En l’espèce, la déclaration d’appel formée par le conseil de l’appelante par voie électronique le 12 février 2021 est ainsi libellée : 'appel limité aux chefs de jugement expressément critiqués pour que soit reconnue la novation dont la qualification a été refusée par le tribunal paritaire des baux ruraux'.
Bien qu’émanant d’un avocat, professionnel du droit, la déclaration d’appel ne comporte pas d’indication de son objet en ce qu’elle ne forme aucune demande d’infirmation, de réformation ou d’annulation de la décision déférée. Se bornant à critiquer la motivation retenue par le jugement déféré, elle ne mentionne pas davantage les chefs du dispositif du jugement que l’appelante entend voir remettre en discussion devant la cour.
Sauf lorsqu’elle est régularisée par une autre déclaration d’appel, ce qui n’est pas le cas en l’espèce, la déclaration d’appel qui ne sollicite ni la réformation ni l’annulation du jugement et qui ne mentionne aucun chef du jugement critiqué, prive l’appel d’effet dévolutif.

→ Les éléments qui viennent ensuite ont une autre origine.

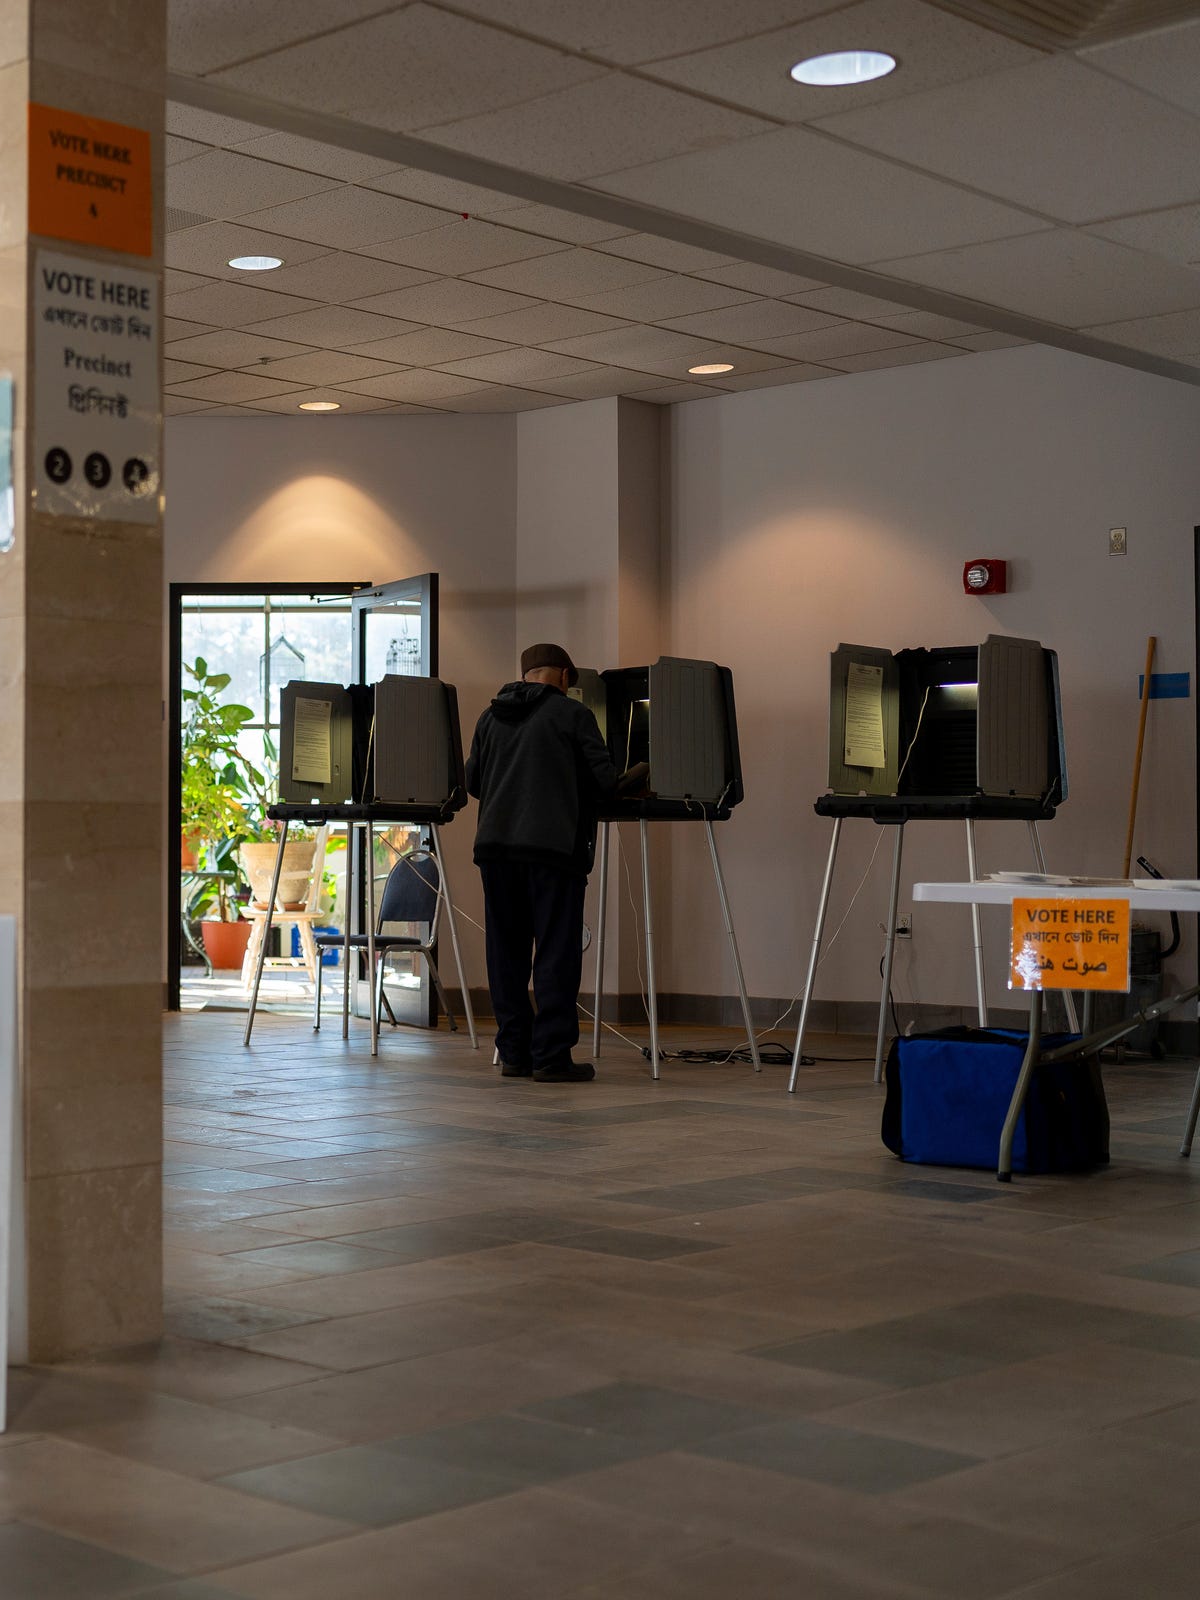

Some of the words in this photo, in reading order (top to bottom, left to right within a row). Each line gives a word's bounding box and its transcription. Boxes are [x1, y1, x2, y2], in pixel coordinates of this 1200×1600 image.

[48, 129, 89, 155] VOTE
[56, 163, 127, 195] PRECINCT
[43, 268, 96, 300] VOTE
[101, 281, 151, 311] HERE
[63, 347, 132, 379] Precinct
[1026, 909, 1069, 923] VOTE
[1074, 910, 1116, 924] HERE
[1064, 929, 1093, 944] ভোট
[1098, 929, 1120, 944] দিন
[1062, 957, 1108, 976] صوت

Il en résulte que, faute pour l’appelante d’énoncer dans l’acte d’appel l’objet de celui-ci et les chefs du dispositif du jugement critiqué, l’effet dévolutif n’a pas joué.
Cette sanction, qui encadre l’exercice du droit d’appel dans le but légitime de garantir la bonne administration de la justice en assurant la sécurité juridique et l’efficacité de la procédure d’appel ne méconnaît pas les dispositions de l’article 6 §1 de la Convention de sauvegarde des droits de l’homme et des libertés fondamentales relatives au droit à l’accès au juge dès lors qu’en l’espèce l’appelante était représentée par un professionnel du droit.
Dès lors que la sanction du défaut de mention des chefs de jugement critiqués est l’absence d’effet dévolutif et que Mme Y ne conclut pas à la nullité de la déclaration d’appel, c’est en vain que l’appelante fait valoir qu’il s’agit d’un vice de forme qui suppose la caractérisation d’un grief.
Il convient en conséquence de constater que la cour n’est saisie d’aucune prétention.
Sur les frais et dépens
La charge des dépens d’appel sera supportée par l’EARL du petit Mesnil conformément aux dispositions de l’article 696 du code de procédure civile.
En outre, il serait inéquitable de laisser à la charge de Mme Y les frais irrépétibles exposés à l’occasion de l’instance d’appel.
Aussi l’EARL du petit Mesnil sera-t-elle condamnée à lui verser la somme de 3 000 euros sur le fondement des dispositions de l’article 700 du code de procédure civile et déboutée de sa demande formée à ce titre.
PAR CES MOTIFS
La cour statuant publiquement, par arrêt contradictoire mis à disposition au greffe,
Constate que la cour n’est saisie d’aucune prétention ;
Condamne l’EARL du petit Mesnil aux dépens d’appel ;
Condamne l’EARL du petit Mesnil à verser à Mme B Y la somme de 3 000 euros en application des dispositions de l’article 700 du code de procédure civile ;
Déboute l’EARL du petit Mesnil de sa demande formée au titre des frais irrépétibles.